Serve this colorful, fun treat from the grill at your next barbecue or gathering. Pick a colorful variety of your favorite vegetables (zucchini, squash, eggplant, onions, bell peppers, and mushrooms, just to name a few).  You can lightly brush olive oil and your favorite seasonings on the vegetables or use your favorite marinade. . Cut vegetables thick so they will stay on skewers and lie flat to ensure even cooking. Thread vegetables onto skewers and grill on medium-high heat (350°F – 400°F) and grill, covered with grill lid. Grill time for each vegetable ranges from 3-10 minutes. (Keep in mind zucchini and squash take slightly longer, about 7-10 minutes, so they might be better paired together). You’ll know when skewers are ready when vegetables are slightly charred and tender. Enjoy!

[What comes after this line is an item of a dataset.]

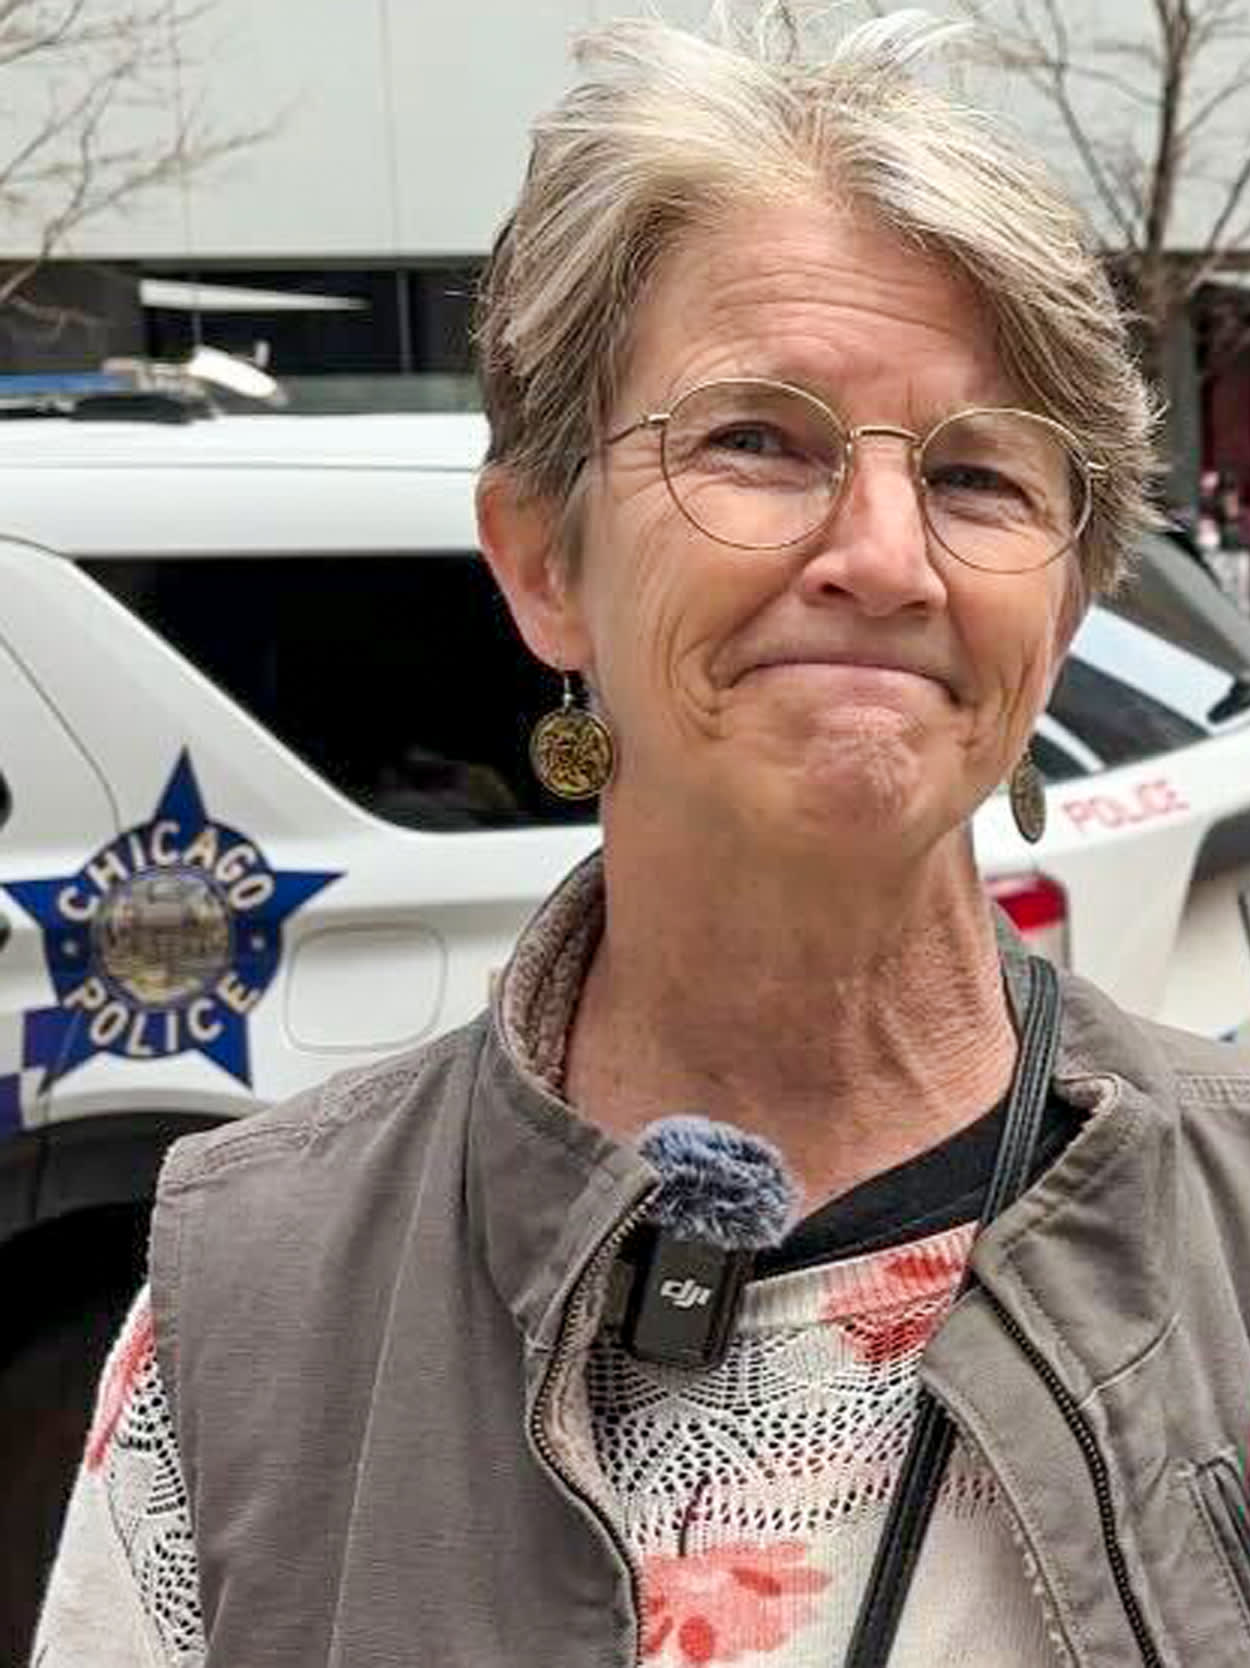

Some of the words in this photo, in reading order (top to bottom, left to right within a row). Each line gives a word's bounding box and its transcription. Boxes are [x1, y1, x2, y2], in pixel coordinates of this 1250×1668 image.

[1061, 778, 1190, 834] POLICE
[57, 819, 276, 921] CHICAGO
[64, 971, 264, 1054] POLICE

Here are some more menu ideas to incorporate fruits and vegetables in your daily eating habits:

Sauté ½ red bell pepper, ½ onion, 2 shitake mushrooms, 2 cloves of garlic. Add 3 cups leafy greens (such as spinach leaves) and 1–3 eggs. (With more veggies added, just one egg can be enough!) Cook until the eggs are done and serve with a side of orange slices.


Turkey sandwich on whole grain bread with sprouts, lettuce, tomato slices, avocado and grated carrots. Serve with a 2-cup salad made with romaine lettuce and raw cauliflower, broccoli and garbanzo beans drizzled with balsamic vinaigrette or light dressing of your choice.

Spinach salad topped with black olives, cherry tomatoes, cucumbers, green onions, and cauliflower. Add beans or chicken if you like for added protein. Toss with fresh lemon juice and olive oil. Sprinkle fresh parsley, chopped, on top.

Grilled chicken breast or black beans and brown rice (protein). Serve with a side of coleslaw made with green and red cabbage, red onions, and grated carrots.

Pasta primavera made with spinach fettuccini, sautéed red peppers, onions, garlic, zucchini, carrots, and mushrooms.

1 cup blueberries and cantaloupe
Jicama slices with salsa
Celery with hummus or peanut/almond butter
Pineapple chunks and banana slices
Raw veggies with your favorite dip. Hummus is a good choice.